According to Townsends affidavit, the offer was first made in May, 1994, when Wallace approached WSR prisoner Samuel "J-Bonee" McNeal and offered him $200 to break the arm of Gerald "J. D." Enquist. McNeal immediately reported this offer to prison officials who called in the Snohomish County Sheriffs Department on May 25, 1994.
The plot apparently arose out of a desire by Wallace to retaliate against Enquist for the numerous grievances and complaints that Enquist, a prison law library clerk, had filed or assisted other prisoners in filing against Wallaces girlfriend Cheryl Swanberg, who is also a guard at WSR. The complaints include Swanberg making false claims that prisoners were informants, smoking in no smoking areas, losing control of herself by screaming at prisoners, interfering with prisoners access to the law library and legal interpreters and more. For years the DOC refused to act on complaints regarding Swanbergs unprofessional and troublesome behavior.

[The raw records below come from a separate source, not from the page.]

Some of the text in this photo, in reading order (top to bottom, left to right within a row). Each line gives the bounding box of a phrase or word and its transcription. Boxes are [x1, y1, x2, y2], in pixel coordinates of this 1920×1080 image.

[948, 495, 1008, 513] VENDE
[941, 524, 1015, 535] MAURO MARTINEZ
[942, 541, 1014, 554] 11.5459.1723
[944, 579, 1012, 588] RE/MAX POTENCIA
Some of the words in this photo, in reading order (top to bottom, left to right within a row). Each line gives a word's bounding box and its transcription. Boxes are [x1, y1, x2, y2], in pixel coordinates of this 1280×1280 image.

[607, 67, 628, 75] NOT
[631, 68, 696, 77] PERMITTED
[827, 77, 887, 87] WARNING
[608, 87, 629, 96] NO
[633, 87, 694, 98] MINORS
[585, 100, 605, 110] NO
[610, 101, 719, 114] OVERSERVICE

When Wallace was arrested at WSR he was placed into an orange jail jumpsuit. WSR Superintendent Ken Ducharme was quoted by the Seattle Times saying: "I didnt want our uniform to go to jail. It would have been problematic for him (Wallace) to go to a cell like that."

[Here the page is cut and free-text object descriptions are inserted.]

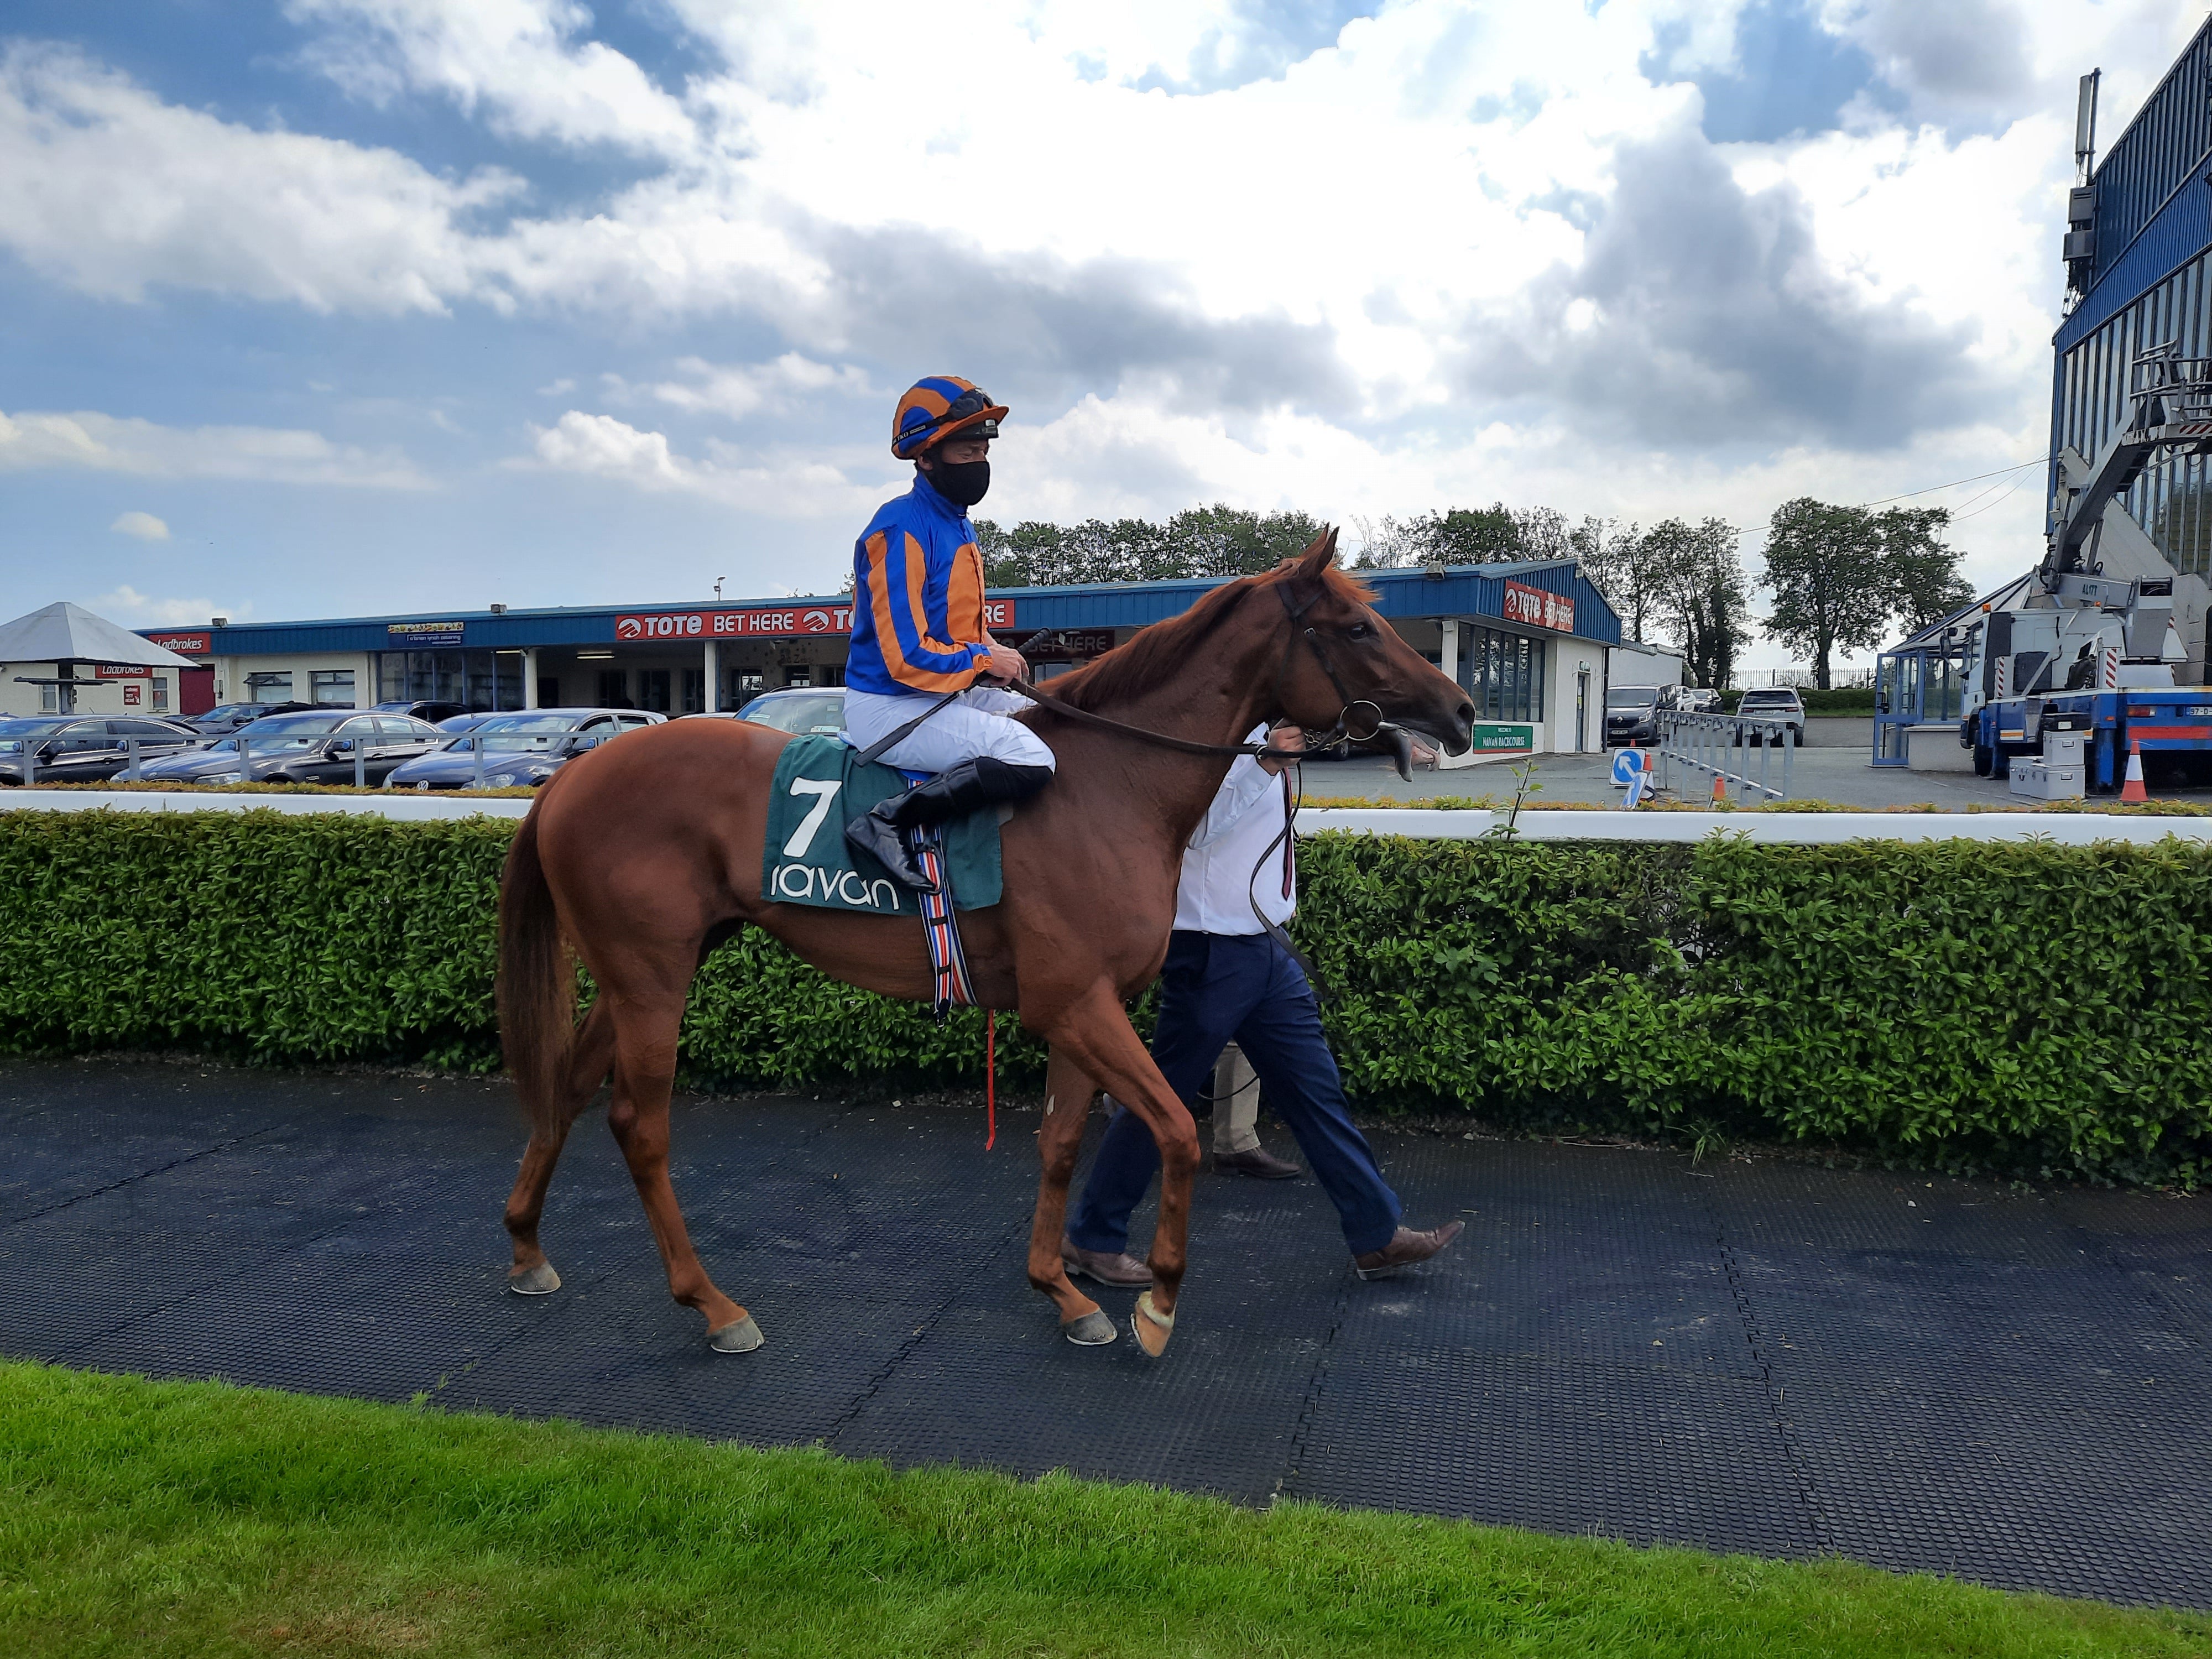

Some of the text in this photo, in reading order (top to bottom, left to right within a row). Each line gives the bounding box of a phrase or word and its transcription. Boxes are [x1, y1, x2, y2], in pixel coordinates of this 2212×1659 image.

[985, 604, 1005, 624] RE
[1545, 600, 1556, 620] BET
[1554, 603, 1572, 624] HERE
[714, 615, 745, 632] BET
[749, 613, 794, 631] HERE
[158, 638, 203, 650] Ladbrokes
[102, 666, 144, 674] Ladbrokes
[1483, 736, 1525, 747] NAVAN RACECOURSE
[783, 776, 843, 857] 7

Swanberg bailed Wallace out of the Snohomish County jail the same day he was arrested. Unconfirmed reports state that Swanberg was also arrested by county Sheriffs officers at Wallaces court arraignment. Both Swanberg and Wallace were placed on paid administrative leave while DOC officials and the Sheriff s office investigated further. McNeal was moved to the McNeil Island prison.
When interviewed by Seattle Times reporter Christy Scattarella, Wallace is quoted in the June 15, 1994, edition as saying that he was the real victim in the alleged plot and that Enquist and McNeal set him up "and they did a damn good job of it." So good in fact that Wallace is recorded making the solicitation to commit the assault. In the same interview, Wallace claimed that Enquist supposedly enjoys "special privileges" at the Reformatory and is "untouchable" by staff allegedly because he is an informant. Ducharme was quoted denying that Enquist is an informant or that he has any special privileges. What Enquist does have, according to Ducharme, is brains. "Hes a very bright guy. Youd better follow your policies and rules or hell call attention to it." Deputy Prosecutor Townsend also dismissed Wallaces claims, of which he had no knowledge, as irrelevant. "Thats still no reason to try and break someones arm."

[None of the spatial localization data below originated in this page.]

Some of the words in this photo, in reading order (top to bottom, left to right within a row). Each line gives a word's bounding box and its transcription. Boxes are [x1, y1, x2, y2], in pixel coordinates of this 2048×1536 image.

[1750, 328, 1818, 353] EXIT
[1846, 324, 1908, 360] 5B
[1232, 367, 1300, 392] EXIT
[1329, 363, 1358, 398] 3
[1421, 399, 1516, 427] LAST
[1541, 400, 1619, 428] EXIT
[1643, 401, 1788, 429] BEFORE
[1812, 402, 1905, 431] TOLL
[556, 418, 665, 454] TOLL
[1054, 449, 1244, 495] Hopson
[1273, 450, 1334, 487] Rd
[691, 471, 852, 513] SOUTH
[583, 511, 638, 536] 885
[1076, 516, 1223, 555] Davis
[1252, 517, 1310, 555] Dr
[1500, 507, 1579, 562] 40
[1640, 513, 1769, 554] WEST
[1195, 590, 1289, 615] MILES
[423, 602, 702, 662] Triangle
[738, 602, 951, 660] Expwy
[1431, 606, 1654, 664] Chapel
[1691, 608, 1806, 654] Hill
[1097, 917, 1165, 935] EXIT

Wallaces claims of innocence didnt prevent him from pleading guilty to the charge of second degree assault. On November 2, 1994, he was sentenced in Snohomish County Superior Court by judge James Allendorfer to one year in jail, with all but 30 days suspended. Both the prosecution and defense had requested that the entire sentence be suspended. He was also required to pay $625 in attorney fees for his public defender. In exchange for not being charged with any felony, Swanberg had agreed to testify against him. So much for honor among thieves. It is not known whether either will continue their careers as prison guards in Washington.